(Stored items from a collection)
◆ ◆ ◆ ◆ ◆

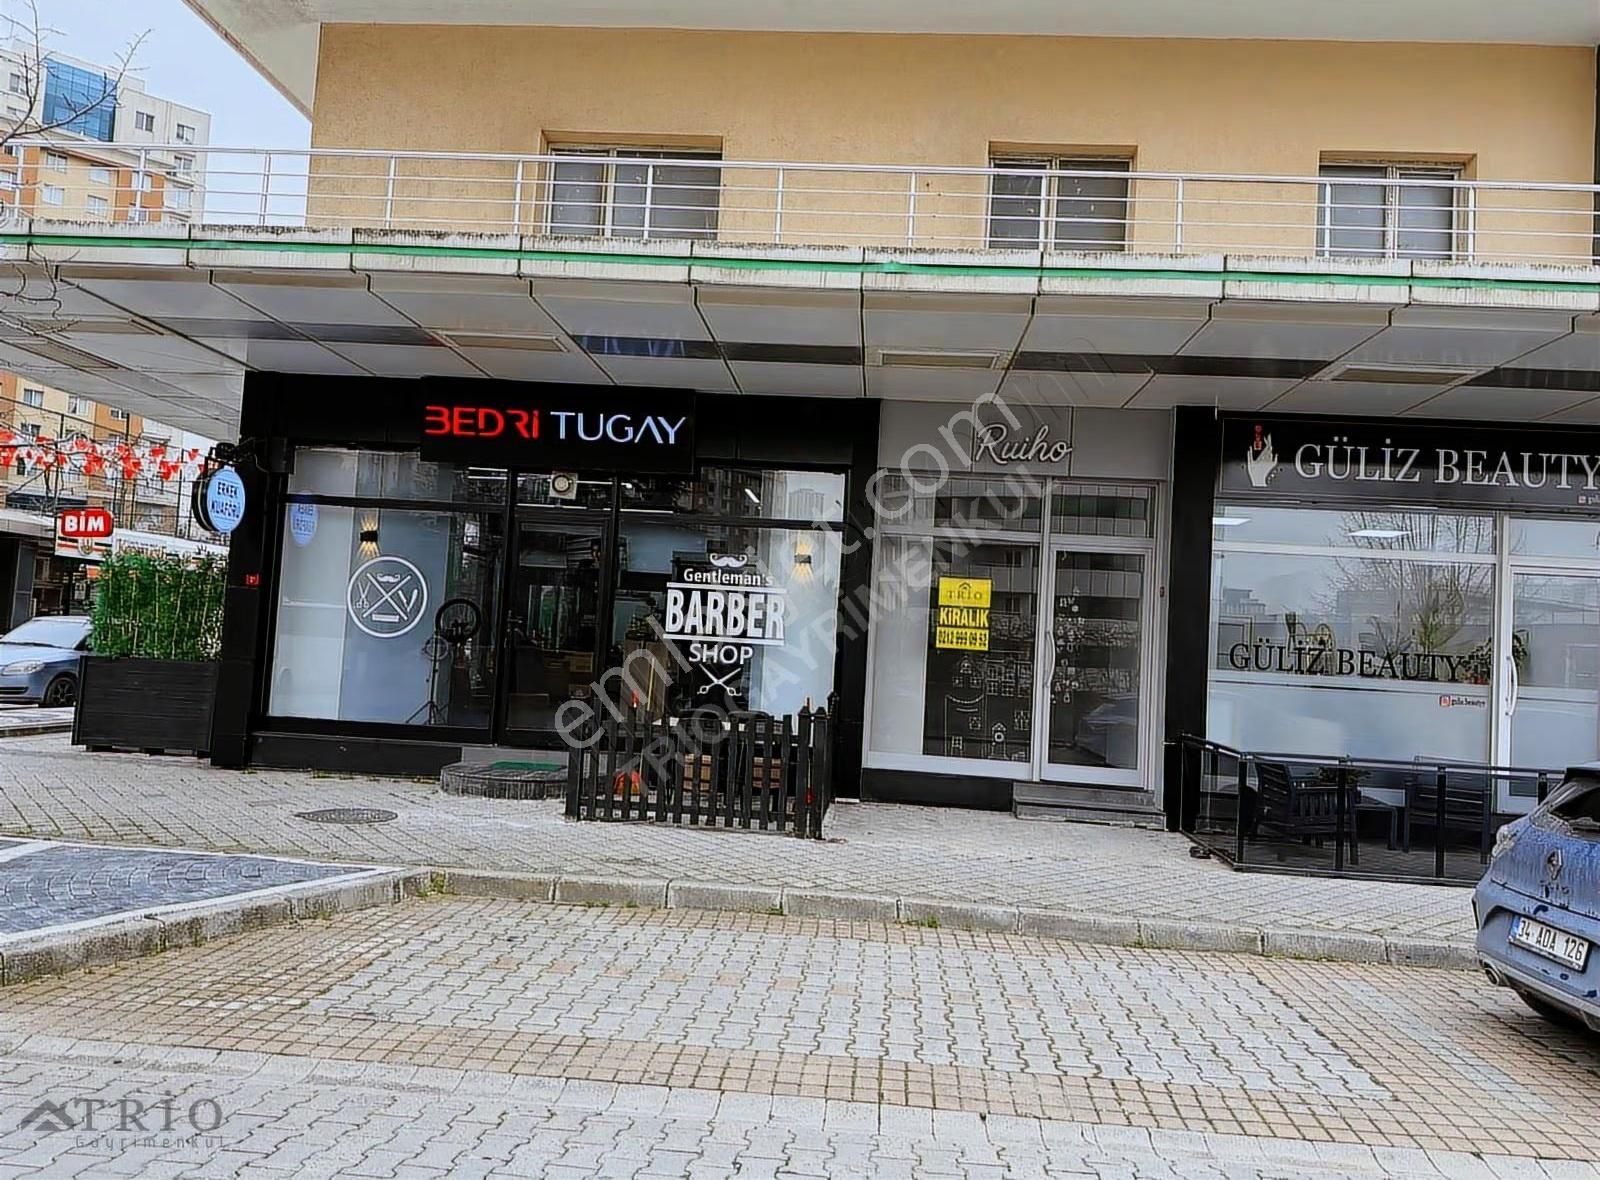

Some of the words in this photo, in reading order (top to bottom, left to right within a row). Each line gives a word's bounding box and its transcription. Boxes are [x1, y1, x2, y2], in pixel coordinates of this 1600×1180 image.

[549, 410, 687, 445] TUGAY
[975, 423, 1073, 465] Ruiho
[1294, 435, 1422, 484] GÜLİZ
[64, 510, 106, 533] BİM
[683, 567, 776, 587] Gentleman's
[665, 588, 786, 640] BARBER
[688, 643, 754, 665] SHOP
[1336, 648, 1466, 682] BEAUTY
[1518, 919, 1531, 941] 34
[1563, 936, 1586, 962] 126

◆ ◆ ◆ ◆ ◆

PROMPT
No pictures belong in the copy; output every record exactly.

WRITTEN RESPONSE
Some of the words in this photo, in reading order (top to bottom, left to right within a row). Each line gives a word's bounding box and its transcription. Boxes are [x1, y1, x2, y2], in pixel coordinates of this 1600×1180 image.

[549, 410, 687, 445] TUGAY
[975, 423, 1073, 465] Ruiho
[1294, 435, 1422, 484] GÜLİZ
[64, 510, 106, 533] BİM
[683, 567, 776, 587] Gentleman's
[665, 588, 786, 640] BARBER
[688, 643, 754, 665] SHOP
[1336, 648, 1466, 682] BEAUTY
[1518, 919, 1531, 941] 34
[1563, 936, 1586, 962] 126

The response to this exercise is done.